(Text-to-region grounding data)

Start of Block

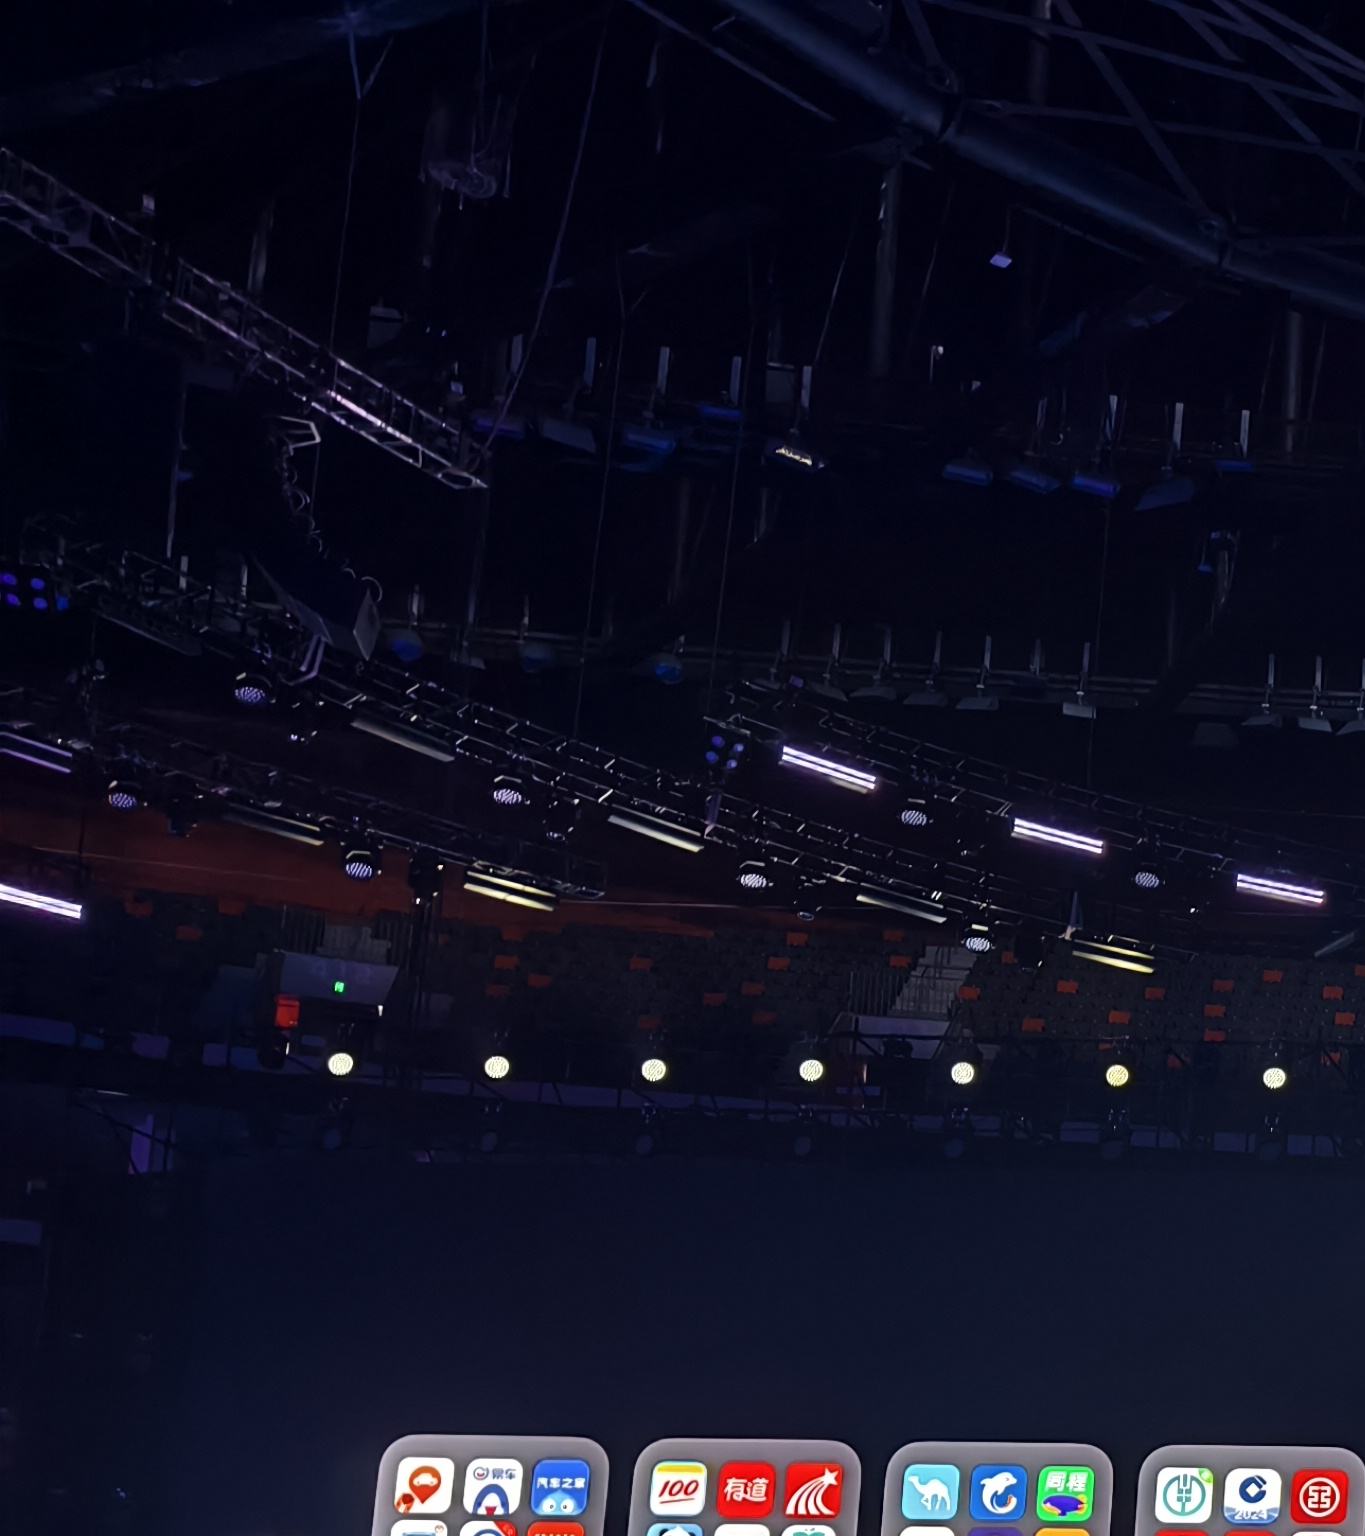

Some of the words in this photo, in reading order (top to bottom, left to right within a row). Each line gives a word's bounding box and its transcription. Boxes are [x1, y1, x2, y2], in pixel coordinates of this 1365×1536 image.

[536, 1477, 586, 1488] 汽车之家
[658, 1479, 699, 1498] 100
[724, 1477, 769, 1502] 有道
[1045, 1472, 1088, 1492] 同程
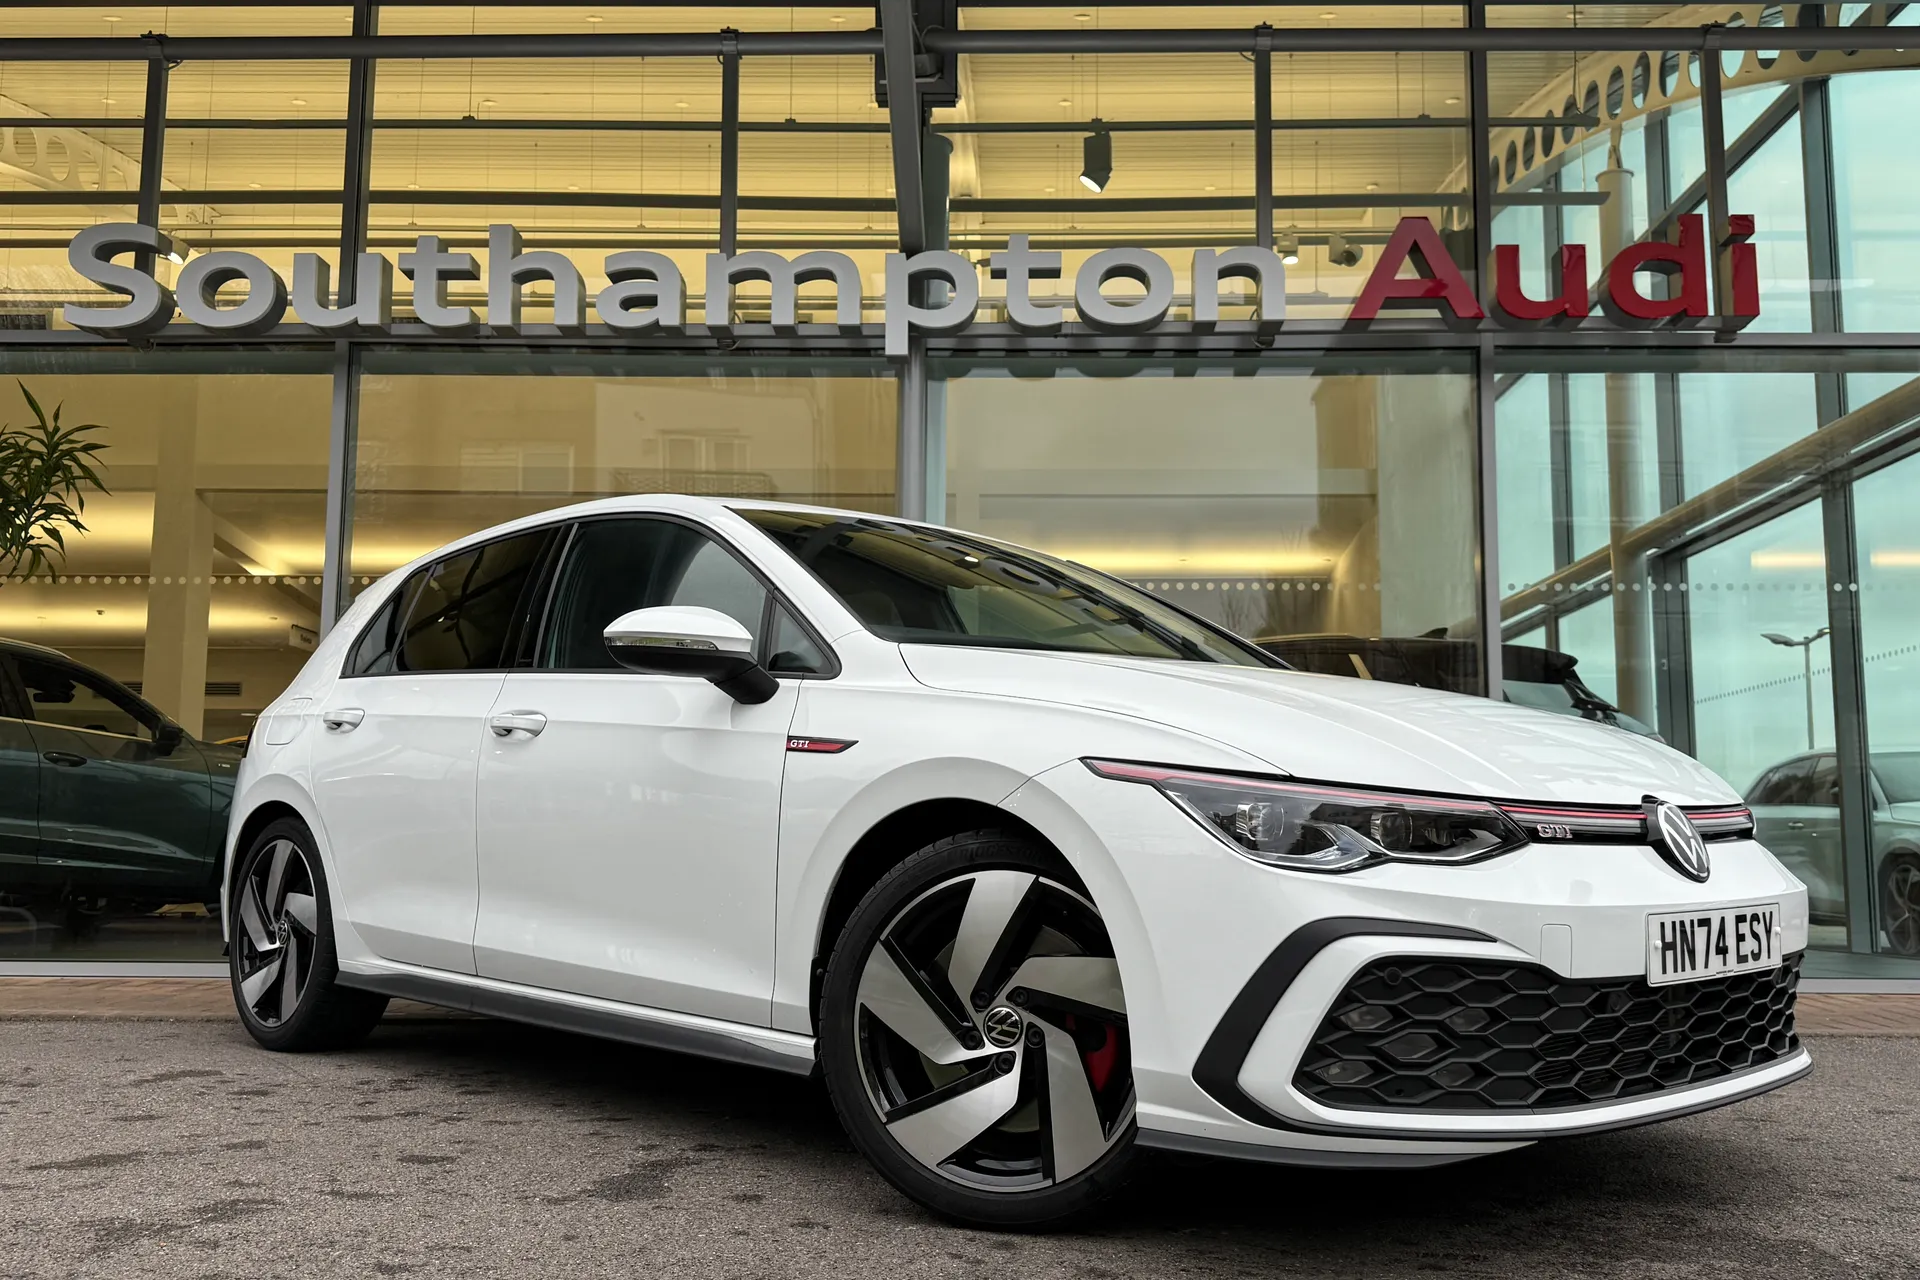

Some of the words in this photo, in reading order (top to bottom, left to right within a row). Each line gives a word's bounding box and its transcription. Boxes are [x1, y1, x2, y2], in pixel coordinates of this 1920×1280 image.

[65, 222, 1287, 355] Southampton
[1348, 214, 1760, 319] Audi
[790, 740, 809, 748] GTI
[1537, 824, 1573, 839] GTI
[1660, 916, 1728, 974] HN74
[1735, 910, 1773, 964] ESY
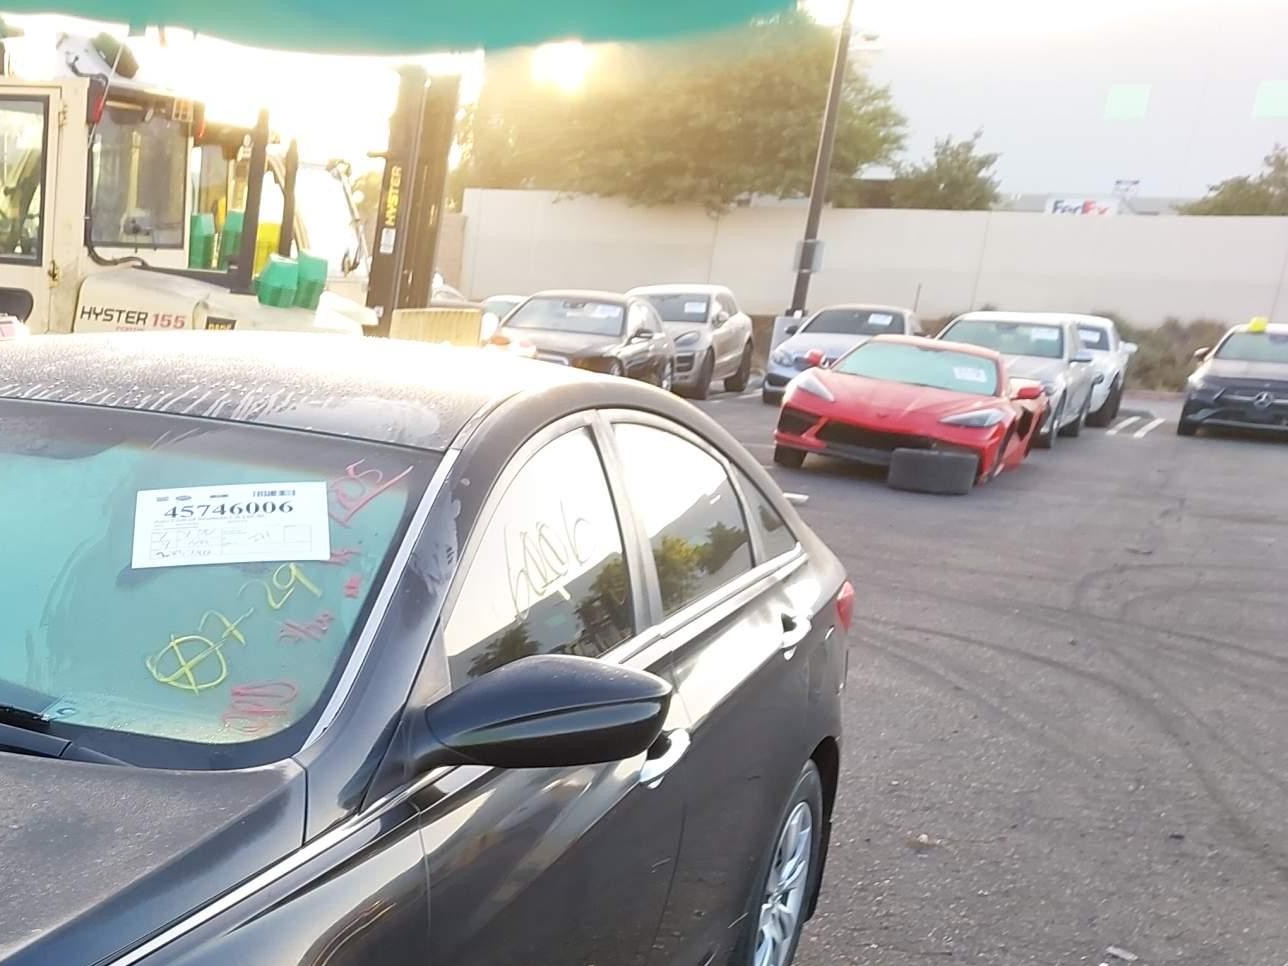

End of Block

- [What you have to do]: Your answer should hold only the lines from the line with "this 1920×1280 image." through the closing line of the records, restated exactly and free of pictures.

- [Task result]:
Some of the words in this photo, in reading order (top to bottom, left to right within a row). Each line gives a word's bounding box and its transcription. Boxes are [x1, y1, x2, y2], in pixel coordinates of this 1920×1280 image.

[65, 222, 1287, 355] Southampton
[1348, 214, 1760, 319] Audi
[790, 740, 809, 748] GTI
[1537, 824, 1573, 839] GTI
[1660, 916, 1728, 974] HN74
[1735, 910, 1773, 964] ESY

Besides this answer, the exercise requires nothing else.